When to use parallel counting - MIT HAKMEM for bitcount when memory is an issue?

Question

Bitcounting can be done in several ways, eg. with set bit iterator, unset bit iterator, pre-computed bits with lookup tables or parallel counting. As I have figured out by searching the web, unset bit iterator is fast when there are less unset bits, and set bit iterator the opposite. But when should you use parallel counting, MIT HAKMEM (seen below) in particular? It seems quite fast, although probably slower then lookup tables. Is it always better compared to set/unset bit in terms of speed? Are there some other conserns regarding which one to choose than speed and memory?

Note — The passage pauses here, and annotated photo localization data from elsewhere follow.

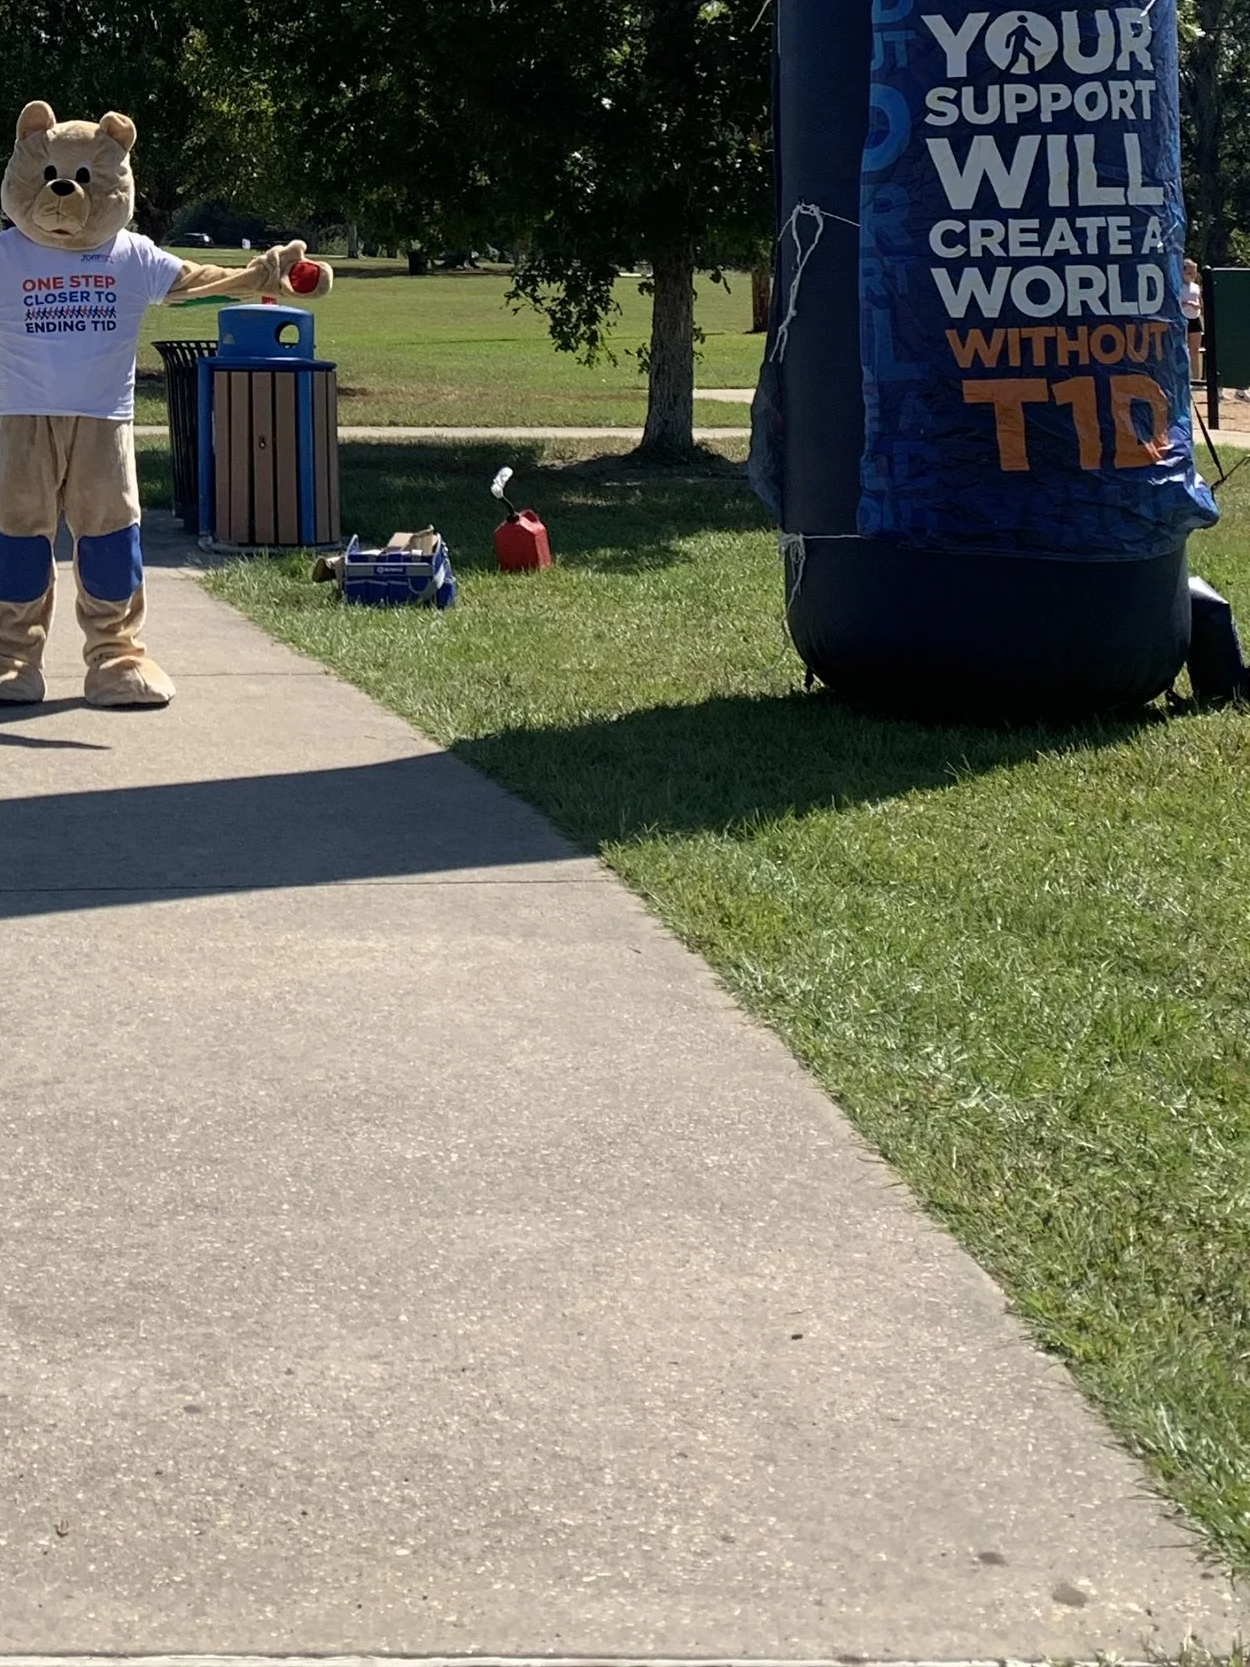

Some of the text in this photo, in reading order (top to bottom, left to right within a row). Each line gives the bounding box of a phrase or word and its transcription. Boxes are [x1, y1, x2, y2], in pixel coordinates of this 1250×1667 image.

[921, 7, 1154, 79] YOUR
[924, 79, 1157, 127] SUPPORT
[926, 134, 1165, 210] WILL
[929, 215, 1165, 258] CREATE A
[22, 275, 116, 292] ONE STEP
[23, 291, 117, 307] CLOSER TO
[930, 264, 1165, 319] WORLD
[25, 320, 117, 334] ENDING T1D
[946, 322, 1167, 369] WITHOUT
[962, 374, 1169, 472] T1D
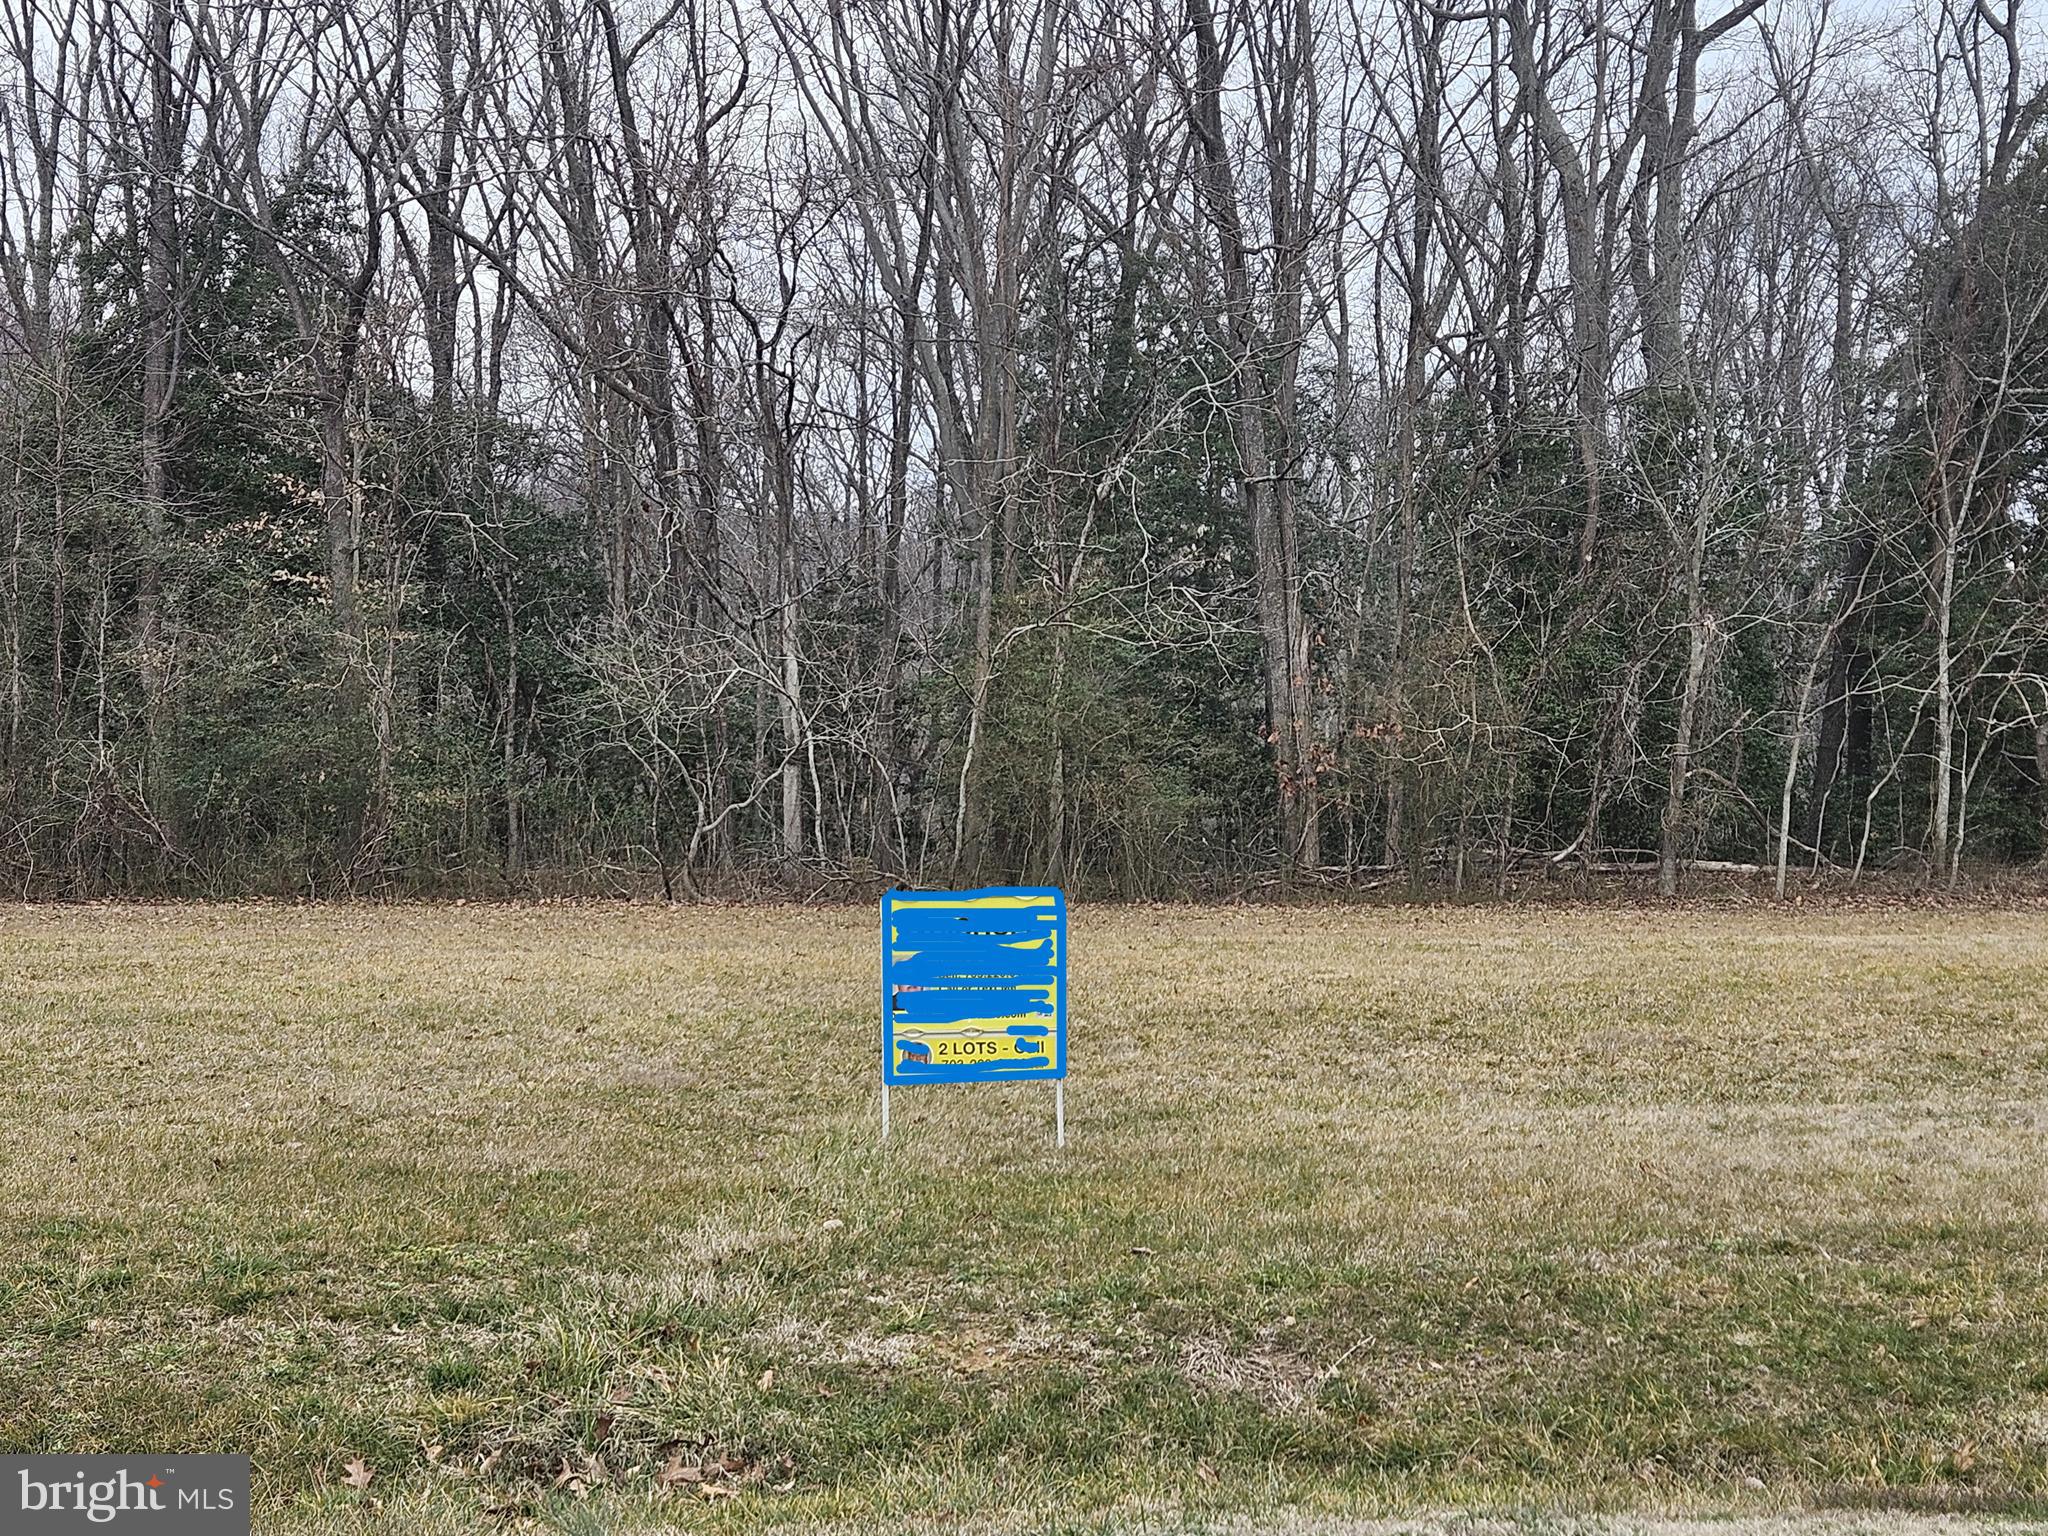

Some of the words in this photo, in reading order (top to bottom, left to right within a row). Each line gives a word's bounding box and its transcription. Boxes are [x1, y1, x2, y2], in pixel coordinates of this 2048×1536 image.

[938, 1043, 948, 1055] 2
[953, 1042, 997, 1055] LOTS
[1014, 1040, 1044, 1054] Cll

 int BitCount(unsigned int u) {
     unsigned int uCount;

     uCount = u - ((u >> 1) & 033333333333) - ((u >> 2) & 011111111111);
     return ((uCount + (uCount >> 3)) & 030707070707) % 63;
 }

You might also want to check out [Bit Twiddling Hacks](http://graphics.stanford.edu/~seander/bithacks.html#CountBitsSetParallel) for a few other methods — Hasturkun, Dec 21 '11 at 13:29
Here is another site specializing in 64-bit bitmaps. http://chessprogramming.wikispaces.com/Population+Count has lot of different methods. What is best depends on things like the average number of expected bits set. — Bo Persson, Dec 21 '11 at 16:36
one method you forgot is the `POPCNT` SSE4a instruction: http://msdn.microsoft.com/en-us/library/bb385231.aspx (now if only this was standardized...) — Necrolis, Jan 10 '12 at 06:40

Ze Blob · Accepted Answer · 2012-01-10T06:19:22.363

Why choose one bit counting method over another? Well it really depends on your machine and the problem you're trying to solve. Note that all the instruction counts I give below are for a basic RISC processor and might not translate well to a more complicated beast like x86.

The HAKMEM algorithm you quoted will execute in 13 instructions but is unlikely to be very fast due to the modulus operator. By eye-balling it, it does look like it has some pretty good instruction level parallelism which should help if your processor is capable of exploiting that.

The algorithm Bo Persson presented is quite fast (2 + 5*pop(x) instructions) but only if the word is sparsely populated. It can also be modified to work on densely populated words. It also contain branches and doesn't have any significant instruction level parallelism.

EDIT: The table lookup method can also be very fast but does make memory accesses. If the entire table is in the L1 cache then it's probably one of the fastest algorithms. If the table isn't in cache then it's almost certainly one of the slowest.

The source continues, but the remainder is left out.